The communication has sparked an interesting conversation, with Jen Zingheim, Media Bullseye, wondering if "Millenials are perhaps setting themselves up for future problems, because it's hard to put that privacy genie back in the bottle." At the same time, she recognizes that she came from a different era, one that celebrated the separation of professional and personal, work and play.
For my part, I offered up the interesting
case study of Amanda Marcotte and Melissa McEwan, who found their personal and professional worlds collide while working on John Edwards campaign just last year. Holtz said it was apples and oranges.
Is it? Marcotte and McEwan isn't a story about bad behavior. It's a story about merely having publicly conflicting views with the candidate you work for — without bad or illegal behavior. It led to the chastisement of two professionals over nothing more than their own rhetoric. It also marked the beginning of the end for the Edwards campaign.
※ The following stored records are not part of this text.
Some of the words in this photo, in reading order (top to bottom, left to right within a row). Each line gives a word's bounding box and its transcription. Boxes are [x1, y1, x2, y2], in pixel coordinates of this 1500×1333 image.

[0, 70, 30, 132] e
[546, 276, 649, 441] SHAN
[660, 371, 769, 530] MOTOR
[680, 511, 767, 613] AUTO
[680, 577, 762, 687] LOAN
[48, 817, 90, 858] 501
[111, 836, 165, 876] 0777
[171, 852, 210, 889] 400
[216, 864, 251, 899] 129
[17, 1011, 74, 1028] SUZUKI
The consequences present evidence enough. What we do in public is public. Social media can make personal public.
Does this mean Holtz is wrong? Not in the least. This is a conversation with a dynamic that allows two people to be right at the same time in that there is a cultural shift occurring that allows for greater personal and professional crossovers. However, Holtz might be taking one step to far in suggesting that what you share might be exempt from public scrutiny after it's shared publicly.
What we do in public, especially when it includes personal behavior, has always had professional consequences. To think otherwise is saying that the employee who unexpectedly got drunk and put the lampshade on his head at the company party didn't somehow change the perception of the public that was present. Social media expands that public.
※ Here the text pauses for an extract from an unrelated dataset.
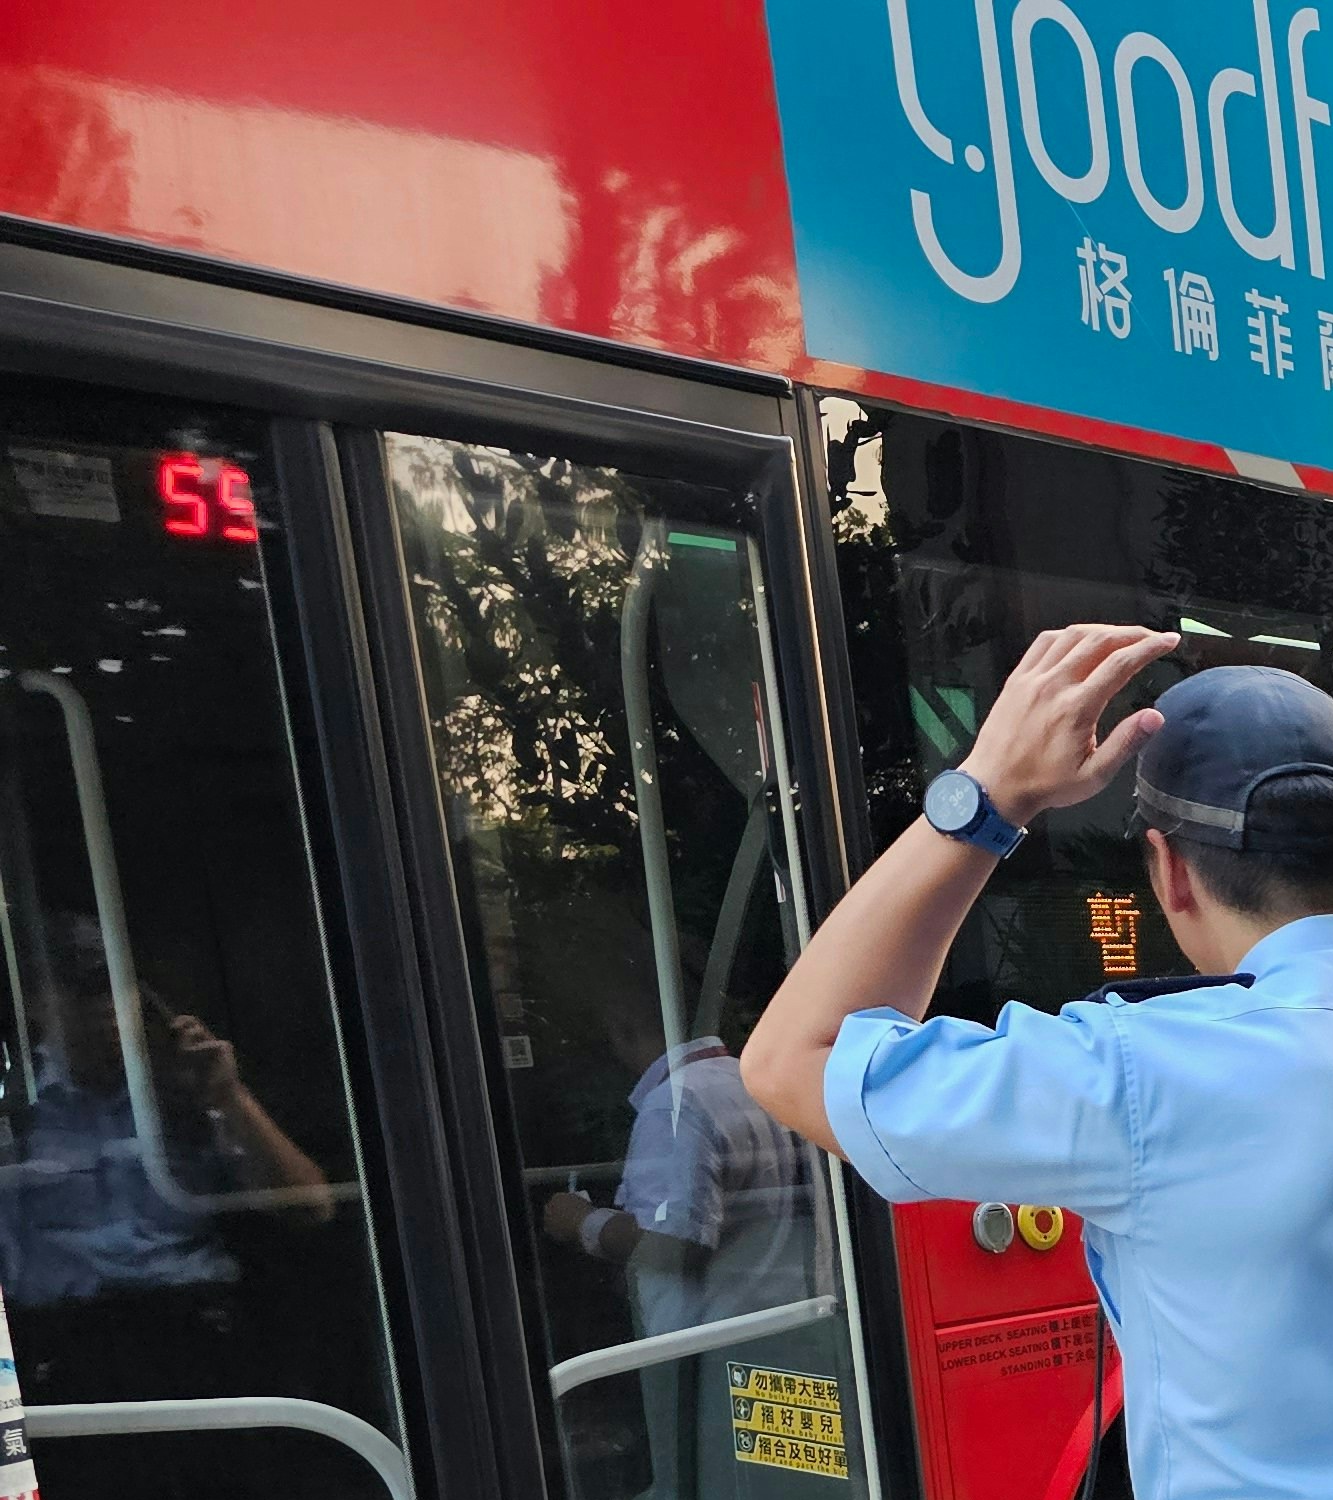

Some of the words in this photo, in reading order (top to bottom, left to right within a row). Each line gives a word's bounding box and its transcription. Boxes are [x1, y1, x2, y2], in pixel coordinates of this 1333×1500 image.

In some ways, it might be more hazardous because social media is different from daily relationships as it expands the audience (instead of 50 impressions at a company party, there might be 500 impressions on Facebook).
We might also consider that the online public has a limited engagement. For some in social media settings, they might only see that lampshade on his head, which wouldn't create the impression of someone who had too many. They might only see a drunk. Or maybe an alcoholic. Or maybe something else. It's hard to guess.